Honestly Frugal: the Ethics of Saving Money

Frugal Ball and Chain Image by Madoline Hatter

A few days ago, I came across a thread on a forum where a member wrote about something dishonest she had done in order to save money. This individual was cleaning out her kitchen pantry and came across some jars of pasta sauce that she had gotten in a Buy One Get One Free sale some time ago and forgotten to use. She had exactly ½ the number of jars left as she originally came home with, so technically these could be regarded as the free jars she had gotten in the BOGO sale.

She saw that these jars of sauce were coming up on the expiration date (a week away) and since she didn’t have time to use them by the printed date and didn’t want them to “go to waste”, took them back to the store to return them. She told the cashier that she had lost the receipt and ended up receiving a $10.00 store credit for these items that she had gotten for free in the first place. She knew that what she had done was dishonest but said that she thought it had been worth it.

Now, I am all for frugality (which is defined as “prudence in avoiding waste,” see Language Lesson: Frugality is a Virtue) and saving money, but there has to come a point where one draws a moral line and takes responsibility for one’s own mistakes. This person had herself neglected to use a product she had received for free and taken it back to the store under false pretenses and made a financial gain.

Besides, as my sister Madoline often says, the bacteria in that carton of milk (or package of food) doesn’t look at the expiration date and think, “I’d better go bad now.” It is most likely that those jars of sauce would still have been usable for a little while. If “avoiding waste” was her sole concern, she could have had pasta for the next few days, made a lasagne, calzone, ravioli, or even donated them to a food bank or charity. She could also have put the sauce in a bag or container and frozen it to use over time at her leisure.

Instead she took them back to the store where they most certainly would have been wasted. The likelihood of the store being able to re-sell those jars of sauce so close to the expiration date is slim, and they most likely would have to throw these close-to-expired products away if operating under business and food services policies.

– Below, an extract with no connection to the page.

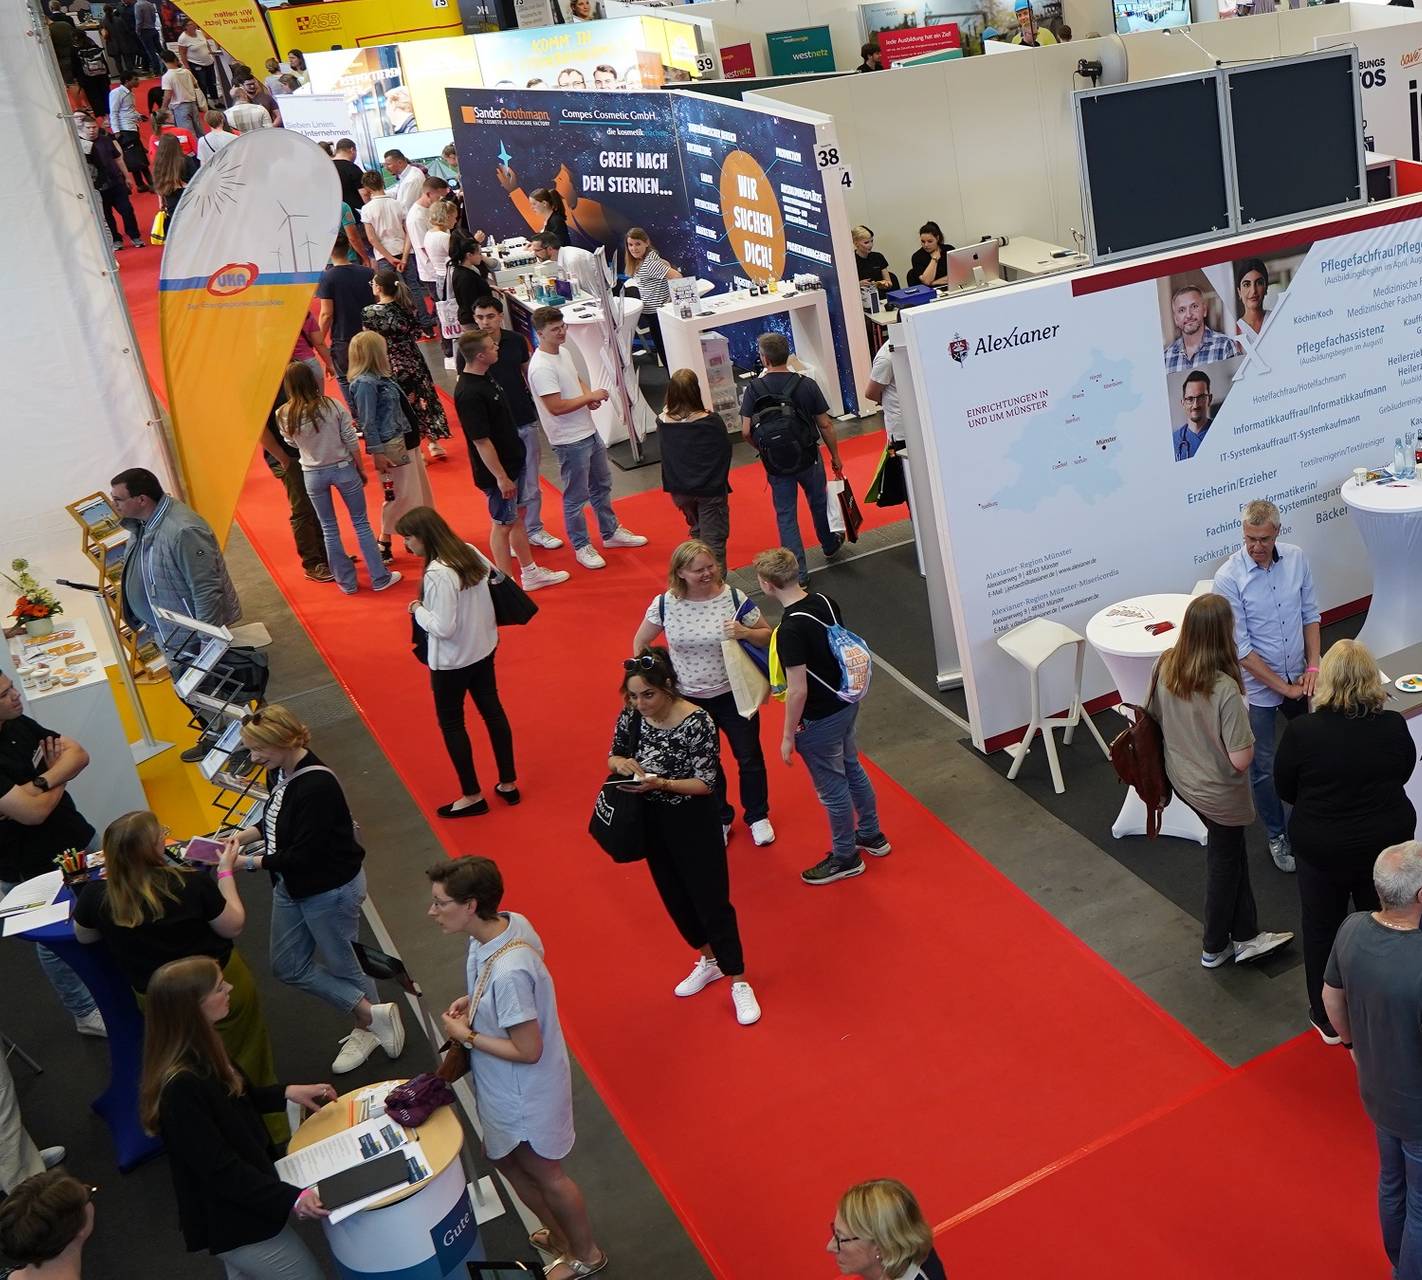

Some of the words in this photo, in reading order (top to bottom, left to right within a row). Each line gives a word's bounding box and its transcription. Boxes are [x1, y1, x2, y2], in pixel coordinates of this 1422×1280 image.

I have heard people reason and rationalize about taking advantage of businesses saying, “Well, they can afford the loss.” It may be true, but it doesn’t make it right. It is true that the wholesale cost of a jar of pasta sauce might be small, but the retail price the store charges the consumer takes into account other costs associated with selling that jar of sauce – lease, tax, business fees, storage space and equipment, employee wages (to organize and clean the store and products, run the cash register, bag the items), and all other expenses of making that jar of sauce available to you. Of course the business makes a profit, for that is the primary and accepted purpose of a business.

So, in actuality, one could say that this dishonest customer really cost this business $20.00 – $10.00 for initially getting the products free of charge, and then $10.00 of store credit she received for returning them later. In my opinion, taking advantage of a businesses’ desire to provide good customer service in this way is no less than stealing.

Yes, it was only $20.00, but it was still $20.00 dishonestly earned. $20.00 is 3 hours of work for some minimum wage workers. $20.00 is capital for a business to turn into a much higher profit. If $20.00 is worth stealing, it’s worth keeping to the rightful owner.

Money is a wonderful thing. It may not be able to literally buy happiness, but it can buy a lot of things that contribute to happiness. However, as someone once said, “The love of money is the root of all evil,” and a high percentage of crimes is committed in the name of money.

I know there are many levels of wrongdoings and everyone has their own standards in their moral code, but there has to come a time when one draws a line between what is right and what is wrong in order to save, or make, money.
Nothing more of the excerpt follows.